Test Drive of Family Historian 3.1 - Post 1

After the announcement on Wednesday, I downloaded the free trial copy of Family Historian 3.1 and installed it on my computer, and then loaded a 20,000 plus person GEDCOM file into it. I want to demonstrate some basic screens, charts and reports in this series of posts.

There is a Tour of Family Historian 3 at for those interested.

The program always works with a GEDCOM file format, so everything loads really quickly, it seems. Here is the first screen when you load a database:

As you can see, it is an alphabetized list, and you can use the "Name" box or the "Record ID" box to find the person in the database that you want to work with. For this demonstration, I chose to work with Isaac Seaver (1823-1901). I put his name in the "Name" box, then clicked on it and the "Individual" box popped up, as shown below:

The "Main" Individual box has all of the birth, marriage and death data for the individual. Since Isaac was married three times, there are three tabs in the "Marr. Spouse" section - one for each spouse.
The "Detail" tab in the "Individual" box looks like this:

There are some blanks that could be filled in for Title, Alternate Name, Religion, Education, Group or Caste, Description, Nickname, National Origin, Emigration, etc.

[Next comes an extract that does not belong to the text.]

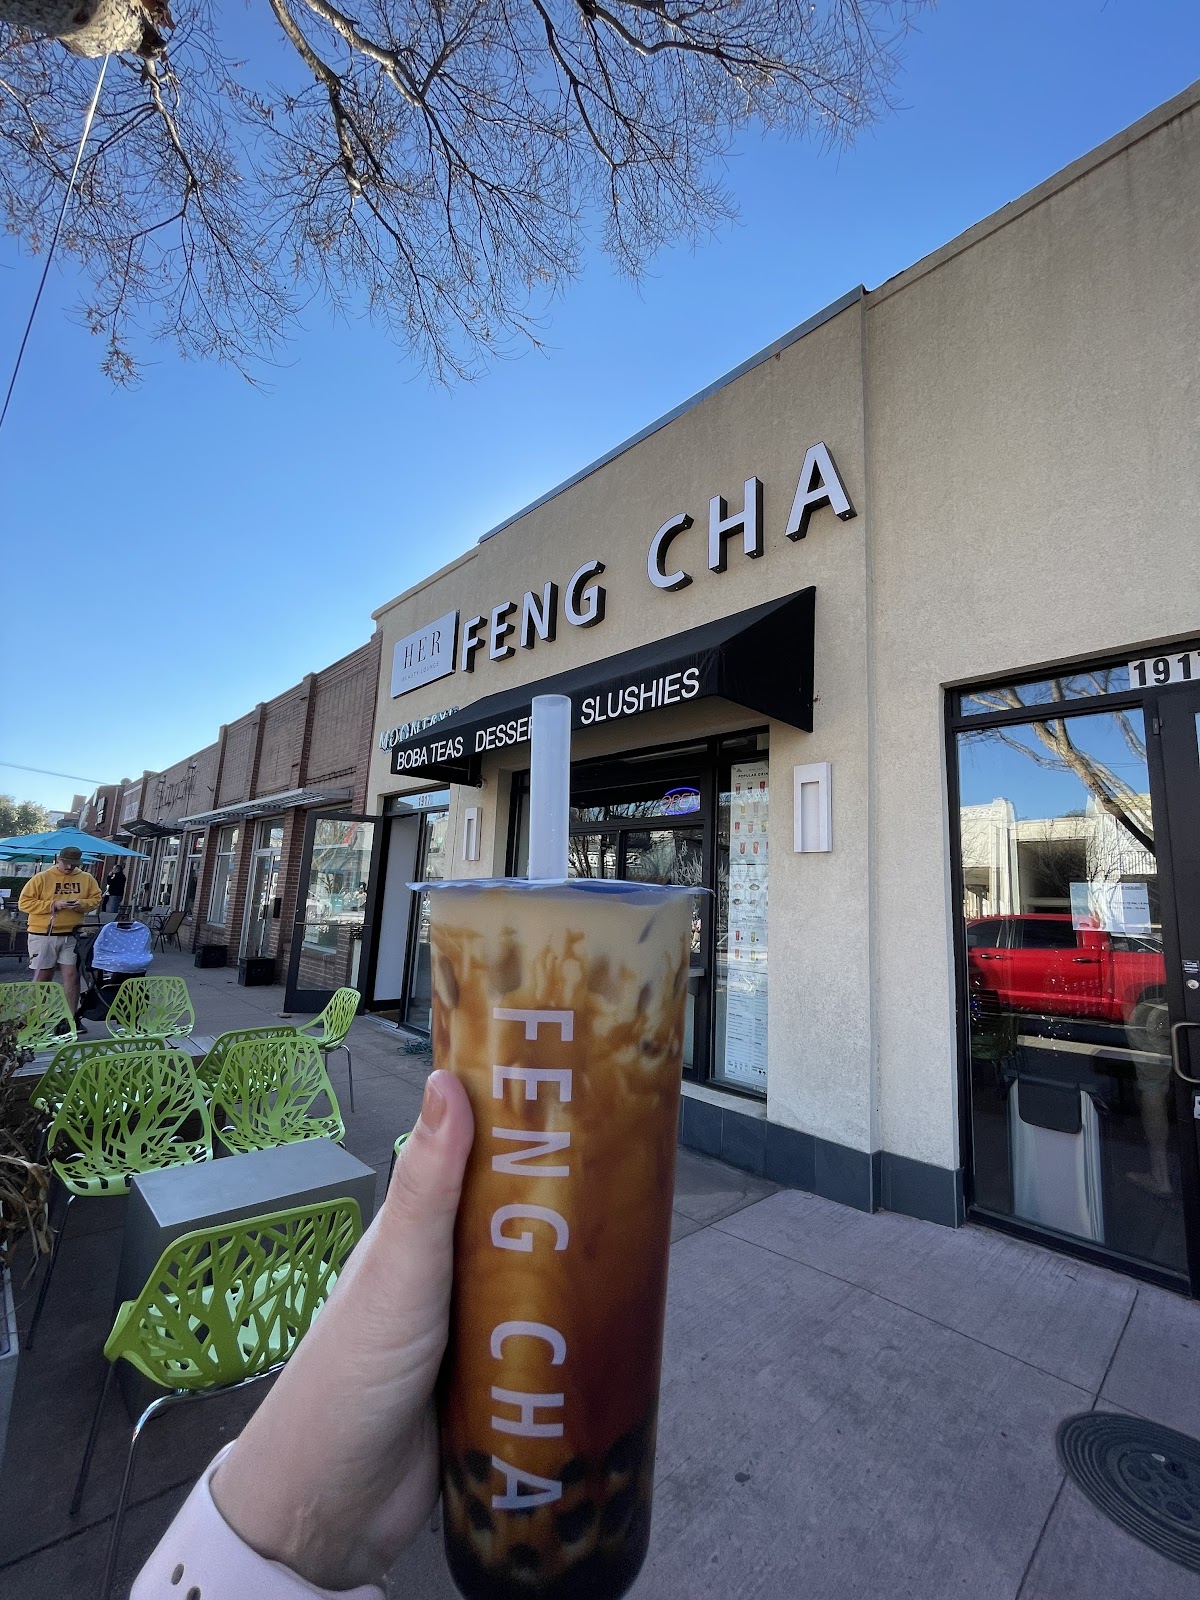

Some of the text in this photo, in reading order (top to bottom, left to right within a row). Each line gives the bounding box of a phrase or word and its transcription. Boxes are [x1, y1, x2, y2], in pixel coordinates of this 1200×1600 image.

The "Events" tab on the Individual" box lists a time line of events in the individual's life:

The "Notes" tab on the "Individual" box provides the text information for this person.

The "Objects" tab shows all of the photographs or video that have been attached for the person - I don't have nay for Isaac.
The "All" tab on the "Individual" box shows a summary of the relationship information known for the person:

You can add a spouse by clicking on the open Tab on the row of spouses, enter the name and vital information for the new spouse, and the X out of the box when you are done. The information for the new spouse will be included in the list of persons.
You can add children the same way - click on the open space below the last child on the list and enter the information about the child. You can Tab from one entry box to the next.
The user interface is fairly simple and intuitive - you do have to select the person that you want to work with from the alphabetical list. There appears to be no way to start your session with a selected person or the last person you worked on.
The "Individual" box, where all of the information is input, is fairly small but contains a lot of information. Navigation is easy and intuitive. A larger box might be helpful.
Unlike several other programs, the visual display for Family Historian is very basic - no graphics, just text in boxes and tabs. There are no Maps for places in the database, or the ability to capture images from the Internet (although you can search the Internet from the Internet menu - there is a long list of free and commercial US and UK sites). You can create a web site from the Internet menu.